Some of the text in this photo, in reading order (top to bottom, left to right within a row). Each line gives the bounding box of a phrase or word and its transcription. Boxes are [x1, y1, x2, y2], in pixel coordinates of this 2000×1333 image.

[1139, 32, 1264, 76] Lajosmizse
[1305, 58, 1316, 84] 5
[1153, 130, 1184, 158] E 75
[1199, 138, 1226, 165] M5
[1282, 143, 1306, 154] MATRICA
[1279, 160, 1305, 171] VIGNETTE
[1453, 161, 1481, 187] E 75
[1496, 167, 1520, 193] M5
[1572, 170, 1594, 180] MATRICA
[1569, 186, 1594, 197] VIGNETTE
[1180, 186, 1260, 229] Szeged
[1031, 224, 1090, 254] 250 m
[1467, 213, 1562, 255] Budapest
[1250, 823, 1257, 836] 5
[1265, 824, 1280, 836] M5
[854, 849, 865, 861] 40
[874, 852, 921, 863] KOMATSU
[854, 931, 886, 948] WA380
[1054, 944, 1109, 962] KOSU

⁂

Please output the complete data exactly.

YOUR SOLUTION →
Some of the text in this photo, in reading order (top to bottom, left to right within a row). Each line gives the bounding box of a phrase or word and its transcription. Boxes are [x1, y1, x2, y2], in pixel coordinates of this 2000×1333 image.

[1139, 32, 1264, 76] Lajosmizse
[1305, 58, 1316, 84] 5
[1153, 130, 1184, 158] E 75
[1199, 138, 1226, 165] M5
[1282, 143, 1306, 154] MATRICA
[1279, 160, 1305, 171] VIGNETTE
[1453, 161, 1481, 187] E 75
[1496, 167, 1520, 193] M5
[1572, 170, 1594, 180] MATRICA
[1569, 186, 1594, 197] VIGNETTE
[1180, 186, 1260, 229] Szeged
[1031, 224, 1090, 254] 250 m
[1467, 213, 1562, 255] Budapest
[1250, 823, 1257, 836] 5
[1265, 824, 1280, 836] M5
[854, 849, 865, 861] 40
[874, 852, 921, 863] KOMATSU
[854, 931, 886, 948] WA380
[1054, 944, 1109, 962] KOSU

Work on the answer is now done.